One of the things I like about reading writing by people who openly disregard the arts is that it forces me to question my own assumptions about the value of what I do. How does dance matter and to whom? Why should I receive public funds in order to make work? Does dance function outside of its own bubble, aesthetics, fashions and questions, and if so, how?
The last few weeks I’ve been reading a lot about internet privacy and freedom (in part due to Susan Kozel’s keynote at C-DaRE’s Dance and Somatic Practices conference in July). It’s gripping to read and watch the work of people like Aaron Swartz and Ed Snowden. In various ways, through their actions they have made the point that without privacy human beings have no freedom: no freedom to act, to protest, to create, to criticise, or even to simply assume that when we communicate it is only to the people we wish to communicate with.

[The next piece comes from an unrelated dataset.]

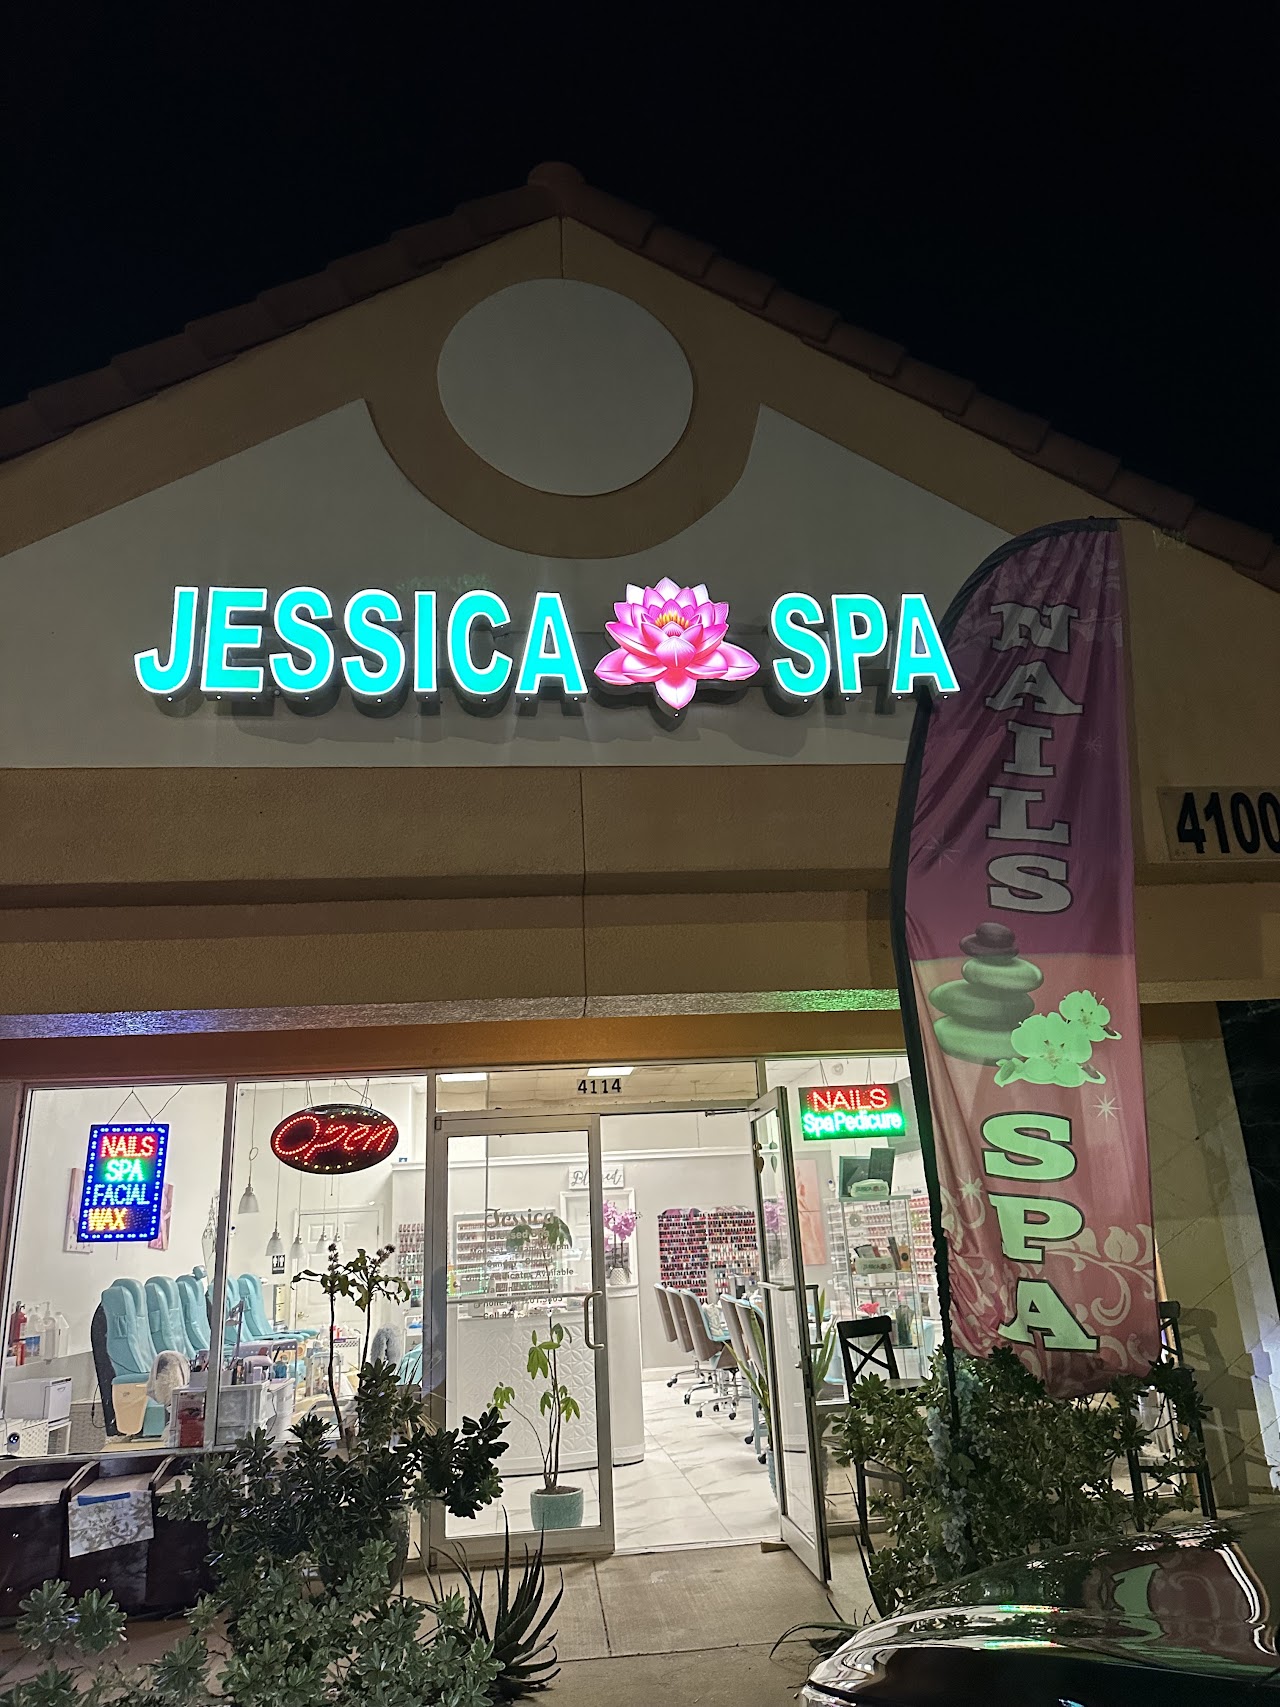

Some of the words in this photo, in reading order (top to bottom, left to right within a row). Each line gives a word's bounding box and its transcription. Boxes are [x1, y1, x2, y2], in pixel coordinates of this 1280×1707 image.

It’s easy enough to understand why we should value the work of those who are committed to internet privacy (and therefore freedom). But where might this leave me — and my peers — who value something as fringe or niche as choreography and dance? Sure I could make an issue-based work about freedom and privacy [cringe] but I understand part of dance’s value to be in how it calls into question the assumptions our culture makes about value and values.
Regardless, I want to make artistic work in a society that cares about freedom and privacy, and I want to make the conditions under which I might create this work as untainted as is possible by our culture’s obsession with (economic) value.